Spatial localization data:

━━━━

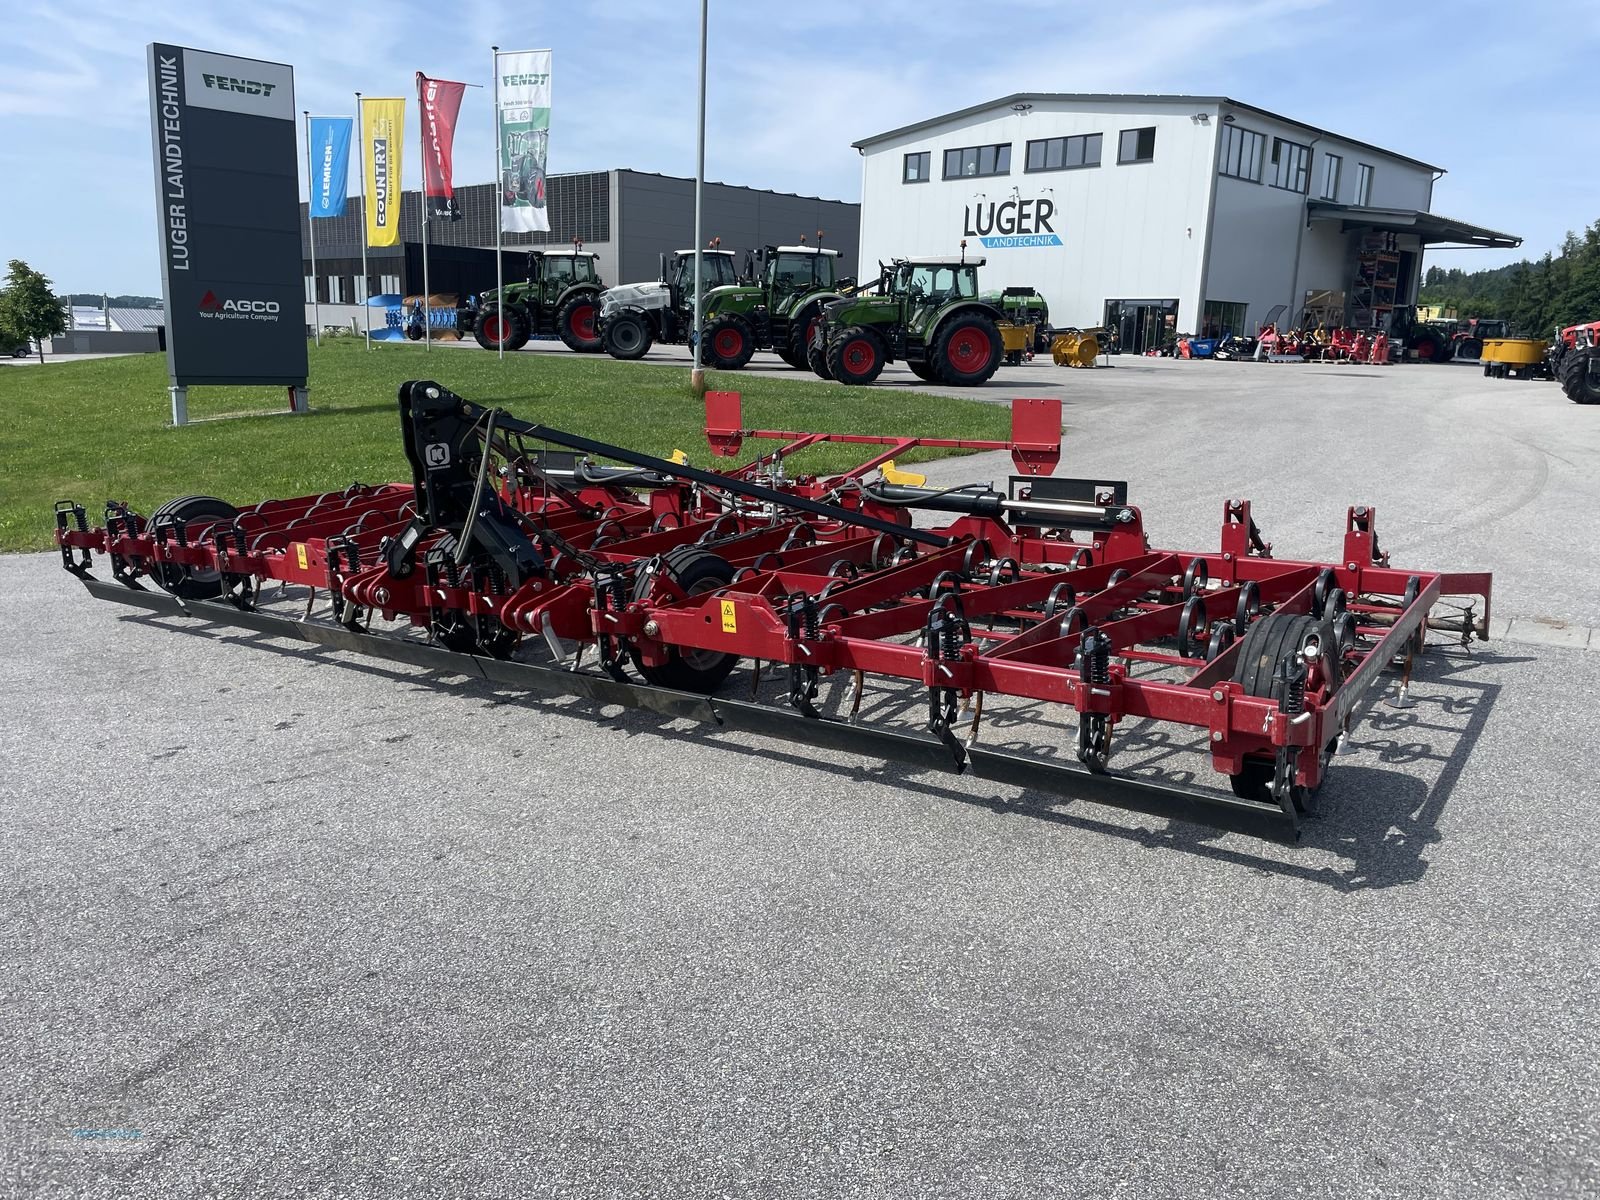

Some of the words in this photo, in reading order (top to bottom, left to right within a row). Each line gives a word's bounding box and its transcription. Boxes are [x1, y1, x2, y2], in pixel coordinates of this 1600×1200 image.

[202, 73, 276, 97] FENDT
[502, 74, 550, 87] FENDT
[160, 55, 184, 198] LANDTECHNIK
[322, 145, 333, 197] LEMKEN
[375, 141, 386, 225] COUNTRY
[964, 199, 1055, 236] LUGER
[170, 204, 189, 270] LUGER
[987, 236, 1054, 248] LANDTECHNIK
[214, 312, 249, 320] Agriculture
[250, 313, 279, 322] Company
[223, 299, 280, 313] AGCO
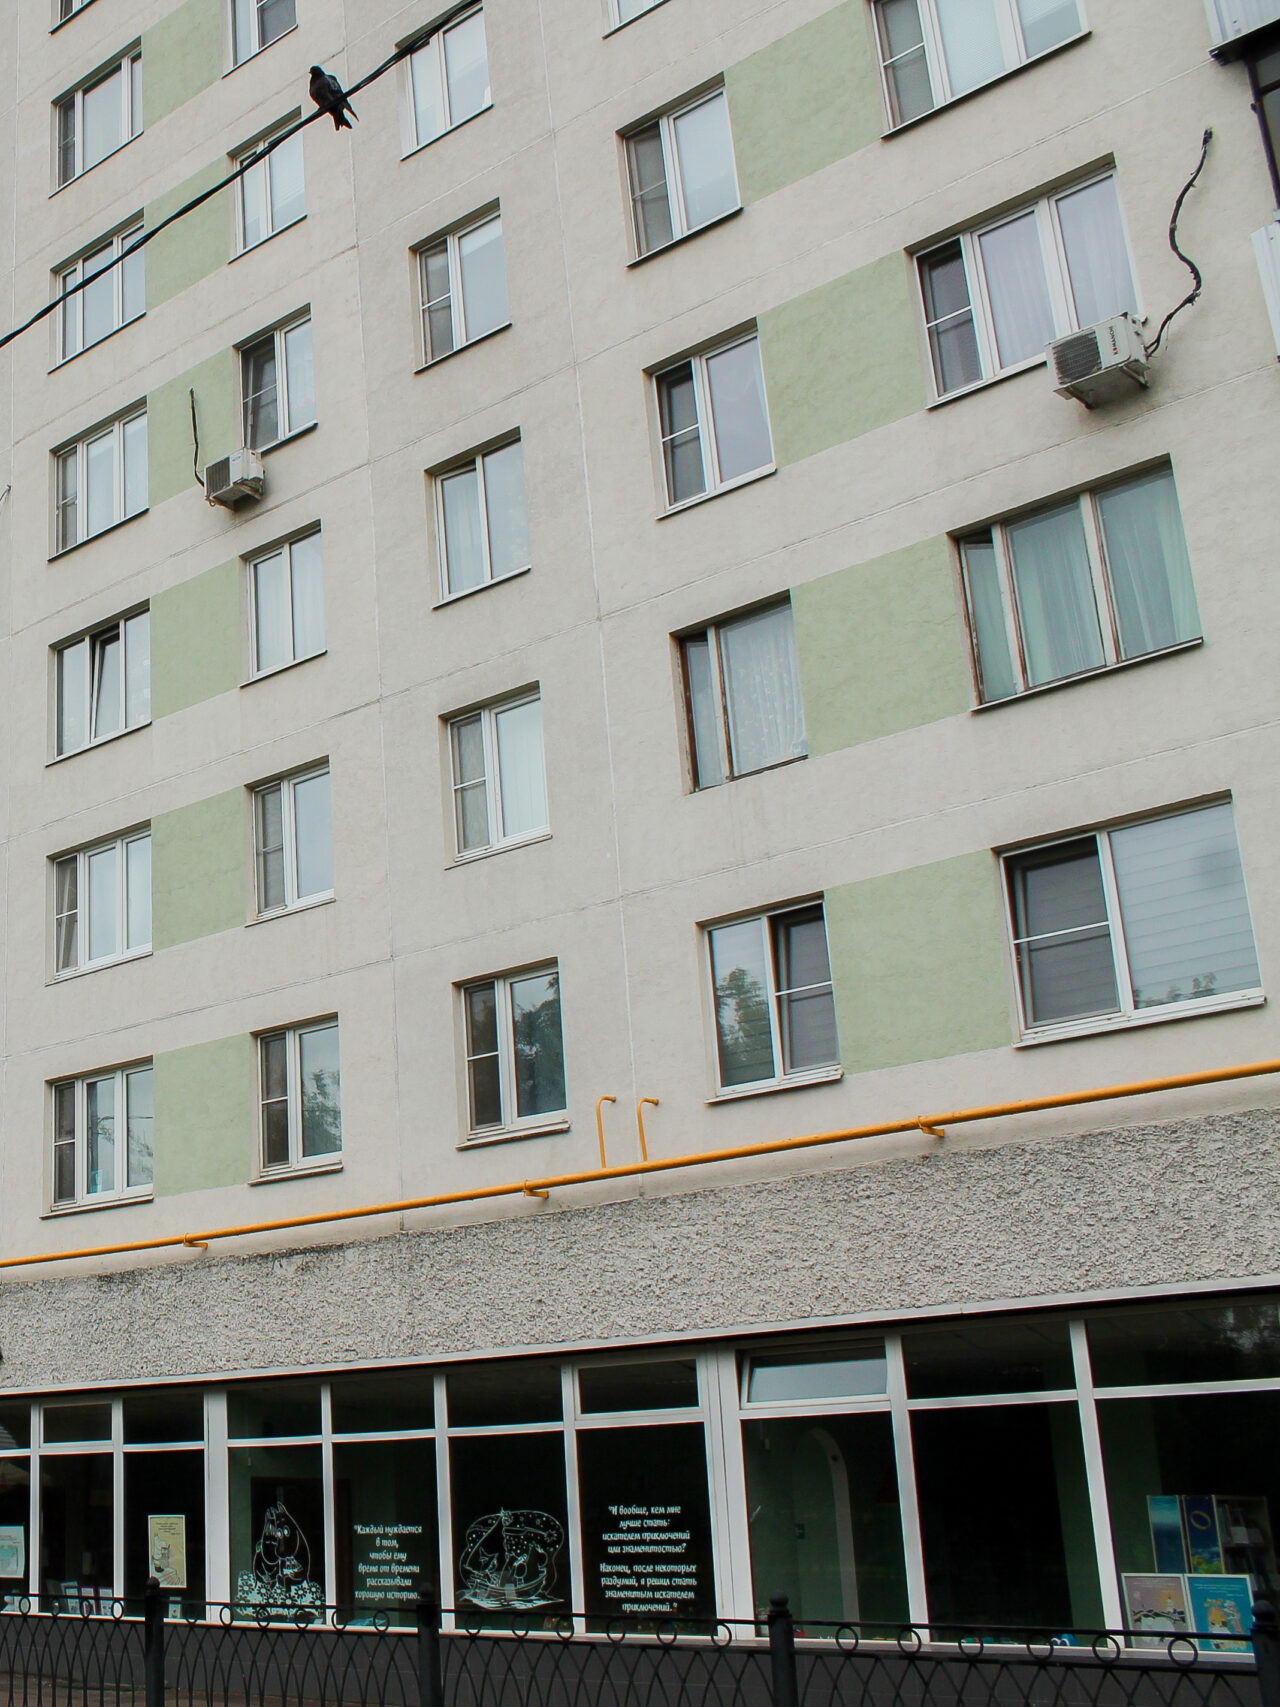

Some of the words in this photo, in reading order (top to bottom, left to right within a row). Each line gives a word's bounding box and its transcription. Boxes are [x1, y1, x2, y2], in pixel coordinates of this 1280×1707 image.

━━━━

» **What you are asked to do**
The expected output is the full data above, reproduced exactly with no images.

» **Answer section**
Some of the words in this photo, in reading order (top to bottom, left to right within a row). Each line gives a word's bounding box and its transcription. Boxes are [x1, y1, x2, y2], in pixel coordinates of this 1600×1200 image.

[202, 73, 276, 97] FENDT
[502, 74, 550, 87] FENDT
[160, 55, 184, 198] LANDTECHNIK
[322, 145, 333, 197] LEMKEN
[375, 141, 386, 225] COUNTRY
[964, 199, 1055, 236] LUGER
[170, 204, 189, 270] LUGER
[987, 236, 1054, 248] LANDTECHNIK
[214, 312, 249, 320] Agriculture
[250, 313, 279, 322] Company
[223, 299, 280, 313] AGCO

Some of the words in this photo, in reading order (top to bottom, left to right within a row). Each line gives a word's bounding box and its transcription. Boxes are [x1, y1, x2, y2], in pixel coordinates of this 1280×1707 image.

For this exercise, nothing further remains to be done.